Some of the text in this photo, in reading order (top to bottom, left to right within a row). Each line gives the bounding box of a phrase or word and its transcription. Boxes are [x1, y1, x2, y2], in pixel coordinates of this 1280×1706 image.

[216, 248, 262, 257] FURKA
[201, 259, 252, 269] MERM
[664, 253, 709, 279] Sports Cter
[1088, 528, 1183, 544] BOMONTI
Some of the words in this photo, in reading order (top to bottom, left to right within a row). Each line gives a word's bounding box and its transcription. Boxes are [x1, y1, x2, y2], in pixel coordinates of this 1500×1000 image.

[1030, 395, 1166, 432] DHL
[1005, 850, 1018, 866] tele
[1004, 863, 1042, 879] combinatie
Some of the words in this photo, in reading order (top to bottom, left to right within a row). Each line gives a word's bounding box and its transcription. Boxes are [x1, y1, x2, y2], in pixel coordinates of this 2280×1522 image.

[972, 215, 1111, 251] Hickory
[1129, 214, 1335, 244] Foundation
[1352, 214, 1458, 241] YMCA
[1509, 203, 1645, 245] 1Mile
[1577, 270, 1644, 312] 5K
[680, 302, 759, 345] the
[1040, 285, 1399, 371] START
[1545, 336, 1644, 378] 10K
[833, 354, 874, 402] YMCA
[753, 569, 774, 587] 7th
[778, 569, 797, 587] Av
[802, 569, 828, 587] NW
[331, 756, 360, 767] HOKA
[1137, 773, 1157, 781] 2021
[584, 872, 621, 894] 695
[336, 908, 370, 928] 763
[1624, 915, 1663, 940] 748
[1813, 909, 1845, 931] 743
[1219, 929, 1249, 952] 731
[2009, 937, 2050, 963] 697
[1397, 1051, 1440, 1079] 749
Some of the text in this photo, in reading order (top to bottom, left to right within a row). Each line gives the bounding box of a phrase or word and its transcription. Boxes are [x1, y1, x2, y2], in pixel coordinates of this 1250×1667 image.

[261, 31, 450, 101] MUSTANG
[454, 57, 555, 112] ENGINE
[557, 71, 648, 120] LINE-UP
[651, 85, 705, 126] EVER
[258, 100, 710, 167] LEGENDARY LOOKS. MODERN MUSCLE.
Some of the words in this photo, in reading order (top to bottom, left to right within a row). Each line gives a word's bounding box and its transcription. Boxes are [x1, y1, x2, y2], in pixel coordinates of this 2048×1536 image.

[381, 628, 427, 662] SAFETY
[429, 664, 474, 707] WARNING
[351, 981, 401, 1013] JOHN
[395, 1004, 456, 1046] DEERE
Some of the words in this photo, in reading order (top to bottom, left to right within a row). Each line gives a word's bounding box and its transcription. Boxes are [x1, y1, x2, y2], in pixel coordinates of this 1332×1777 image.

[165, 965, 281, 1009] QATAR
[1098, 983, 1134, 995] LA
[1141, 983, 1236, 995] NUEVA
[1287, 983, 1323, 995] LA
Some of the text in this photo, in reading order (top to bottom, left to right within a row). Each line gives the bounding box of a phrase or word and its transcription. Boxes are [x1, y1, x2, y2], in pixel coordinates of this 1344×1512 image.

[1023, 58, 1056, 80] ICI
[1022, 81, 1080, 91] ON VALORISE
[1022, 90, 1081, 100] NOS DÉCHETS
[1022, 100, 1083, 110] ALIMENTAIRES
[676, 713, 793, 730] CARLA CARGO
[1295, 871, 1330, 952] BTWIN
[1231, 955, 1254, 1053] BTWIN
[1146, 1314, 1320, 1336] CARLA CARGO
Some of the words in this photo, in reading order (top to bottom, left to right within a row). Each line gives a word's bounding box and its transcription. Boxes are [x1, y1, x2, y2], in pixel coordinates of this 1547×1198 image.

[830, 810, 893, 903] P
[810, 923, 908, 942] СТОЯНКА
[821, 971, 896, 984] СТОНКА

──────────────────────────────

REQUIRED ACTION ▸ Retype each line above with no alterations.

RESPONSE AREA ▸
Some of the text in this photo, in reading order (top to bottom, left to right within a row). Each line gives the bounding box of a phrase or word and its transcription. Boxes are [x1, y1, x2, y2], in pixel coordinates of this 1280×1706 image.

[216, 248, 262, 257] FURKA
[201, 259, 252, 269] MERM
[664, 253, 709, 279] Sports Cter
[1088, 528, 1183, 544] BOMONTI
Some of the words in this photo, in reading order (top to bottom, left to right within a row). Each line gives a word's bounding box and its transcription. Boxes are [x1, y1, x2, y2], in pixel coordinates of this 1500×1000 image.

[1030, 395, 1166, 432] DHL
[1005, 850, 1018, 866] tele
[1004, 863, 1042, 879] combinatie
Some of the words in this photo, in reading order (top to bottom, left to right within a row). Each line gives a word's bounding box and its transcription. Boxes are [x1, y1, x2, y2], in pixel coordinates of this 2280×1522 image.

[972, 215, 1111, 251] Hickory
[1129, 214, 1335, 244] Foundation
[1352, 214, 1458, 241] YMCA
[1509, 203, 1645, 245] 1Mile
[1577, 270, 1644, 312] 5K
[680, 302, 759, 345] the
[1040, 285, 1399, 371] START
[1545, 336, 1644, 378] 10K
[833, 354, 874, 402] YMCA
[753, 569, 774, 587] 7th
[778, 569, 797, 587] Av
[802, 569, 828, 587] NW
[331, 756, 360, 767] HOKA
[1137, 773, 1157, 781] 2021
[584, 872, 621, 894] 695
[336, 908, 370, 928] 763
[1624, 915, 1663, 940] 748
[1813, 909, 1845, 931] 743
[1219, 929, 1249, 952] 731
[2009, 937, 2050, 963] 697
[1397, 1051, 1440, 1079] 749
Some of the text in this photo, in reading order (top to bottom, left to right within a row). Each line gives the bounding box of a phrase or word and its transcription. Boxes are [x1, y1, x2, y2], in pixel coordinates of this 1250×1667 image.

[261, 31, 450, 101] MUSTANG
[454, 57, 555, 112] ENGINE
[557, 71, 648, 120] LINE-UP
[651, 85, 705, 126] EVER
[258, 100, 710, 167] LEGENDARY LOOKS. MODERN MUSCLE.
Some of the words in this photo, in reading order (top to bottom, left to right within a row). Each line gives a word's bounding box and its transcription. Boxes are [x1, y1, x2, y2], in pixel coordinates of this 2048×1536 image.

[381, 628, 427, 662] SAFETY
[429, 664, 474, 707] WARNING
[351, 981, 401, 1013] JOHN
[395, 1004, 456, 1046] DEERE
Some of the words in this photo, in reading order (top to bottom, left to right within a row). Each line gives a word's bounding box and its transcription. Boxes are [x1, y1, x2, y2], in pixel coordinates of this 1332×1777 image.

[165, 965, 281, 1009] QATAR
[1098, 983, 1134, 995] LA
[1141, 983, 1236, 995] NUEVA
[1287, 983, 1323, 995] LA
Some of the text in this photo, in reading order (top to bottom, left to right within a row). Each line gives the bounding box of a phrase or word and its transcription. Boxes are [x1, y1, x2, y2], in pixel coordinates of this 1344×1512 image.

[1023, 58, 1056, 80] ICI
[1022, 81, 1080, 91] ON VALORISE
[1022, 90, 1081, 100] NOS DÉCHETS
[1022, 100, 1083, 110] ALIMENTAIRES
[676, 713, 793, 730] CARLA CARGO
[1295, 871, 1330, 952] BTWIN
[1231, 955, 1254, 1053] BTWIN
[1146, 1314, 1320, 1336] CARLA CARGO
Some of the words in this photo, in reading order (top to bottom, left to right within a row). Each line gives a word's bounding box and its transcription. Boxes are [x1, y1, x2, y2], in pixel coordinates of this 1547×1198 image.

[830, 810, 893, 903] P
[810, 923, 908, 942] СТОЯНКА
[821, 971, 896, 984] СТОНКА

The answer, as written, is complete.